Identification of an extracellular epitope of the Na⁺/Ca²⁺ exchanger (NCX1) using monoclonal antibodies

We generated a panel of monoclonal antibodies (mAbs) that bind the N-terminus of the Na⁺/Ca²⁺ exchanger (NCX1). The epitope recognized by these antibodies is highly conserved across species. Six mAbs, of different IgG subclasses, recognize amino acids one through forty of the mature protein, and have K_d values ranging from 0.7 to 5.0 nM. The mAbs were raised against rabbit and bovine fusion proteins, and characterized by ELISA, Western analysis, immunoprecipitation, and immunofluorescence analysis (IFA). Western analysis of mouse heart, brain, kidney, lung, spleen, liver, and skeletal muscle detects two well recognized NCX1-related proteins of 160- and 120-kDa. Immunoprecipitation from rabbit kidney and a monkey kidney cell line.
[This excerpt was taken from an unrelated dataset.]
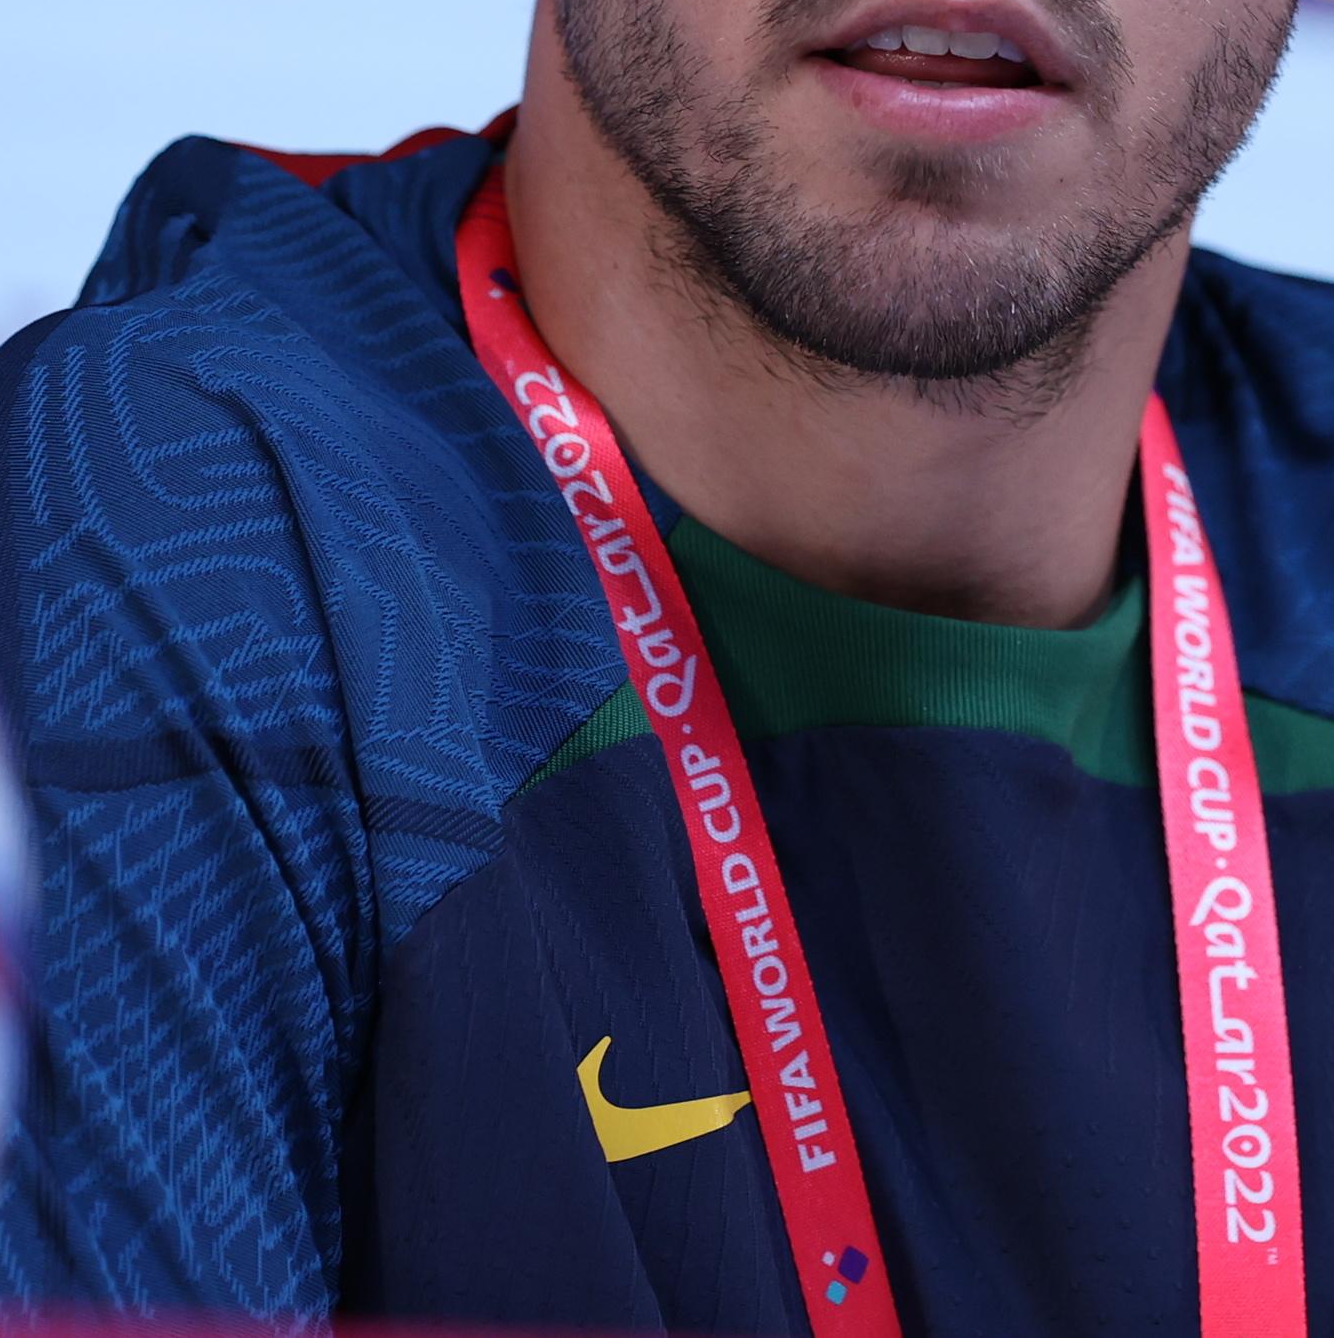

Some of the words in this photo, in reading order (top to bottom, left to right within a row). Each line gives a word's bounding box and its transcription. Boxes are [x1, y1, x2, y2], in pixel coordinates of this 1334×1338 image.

LLC-MK₂, also detects the same two NCX1-related proteins. IFA reveals labeling of the basolateral membrane of both rabbit kidney distal tubule and LLC-MK₂ cells. The distal tubular labeling pattern (majority of cells in the connecting tubule) is consistent with previous reports of NCX1 localization in kidney. Some of the mAbs react with the native form of NCX1 as it is expressed on live LLC-MK₂ cells, indicating that their epitope is extracellular, mAb binding to an extracellular epitope should allow for their use as tools in immunodissection and fluorescent activated cell sorting. The species and tissue-specific isoform cross-reactivity of the antibodies, as well as their applicability to multiple immunoassays, will make them important tools for future studies on the regulation of NCX1.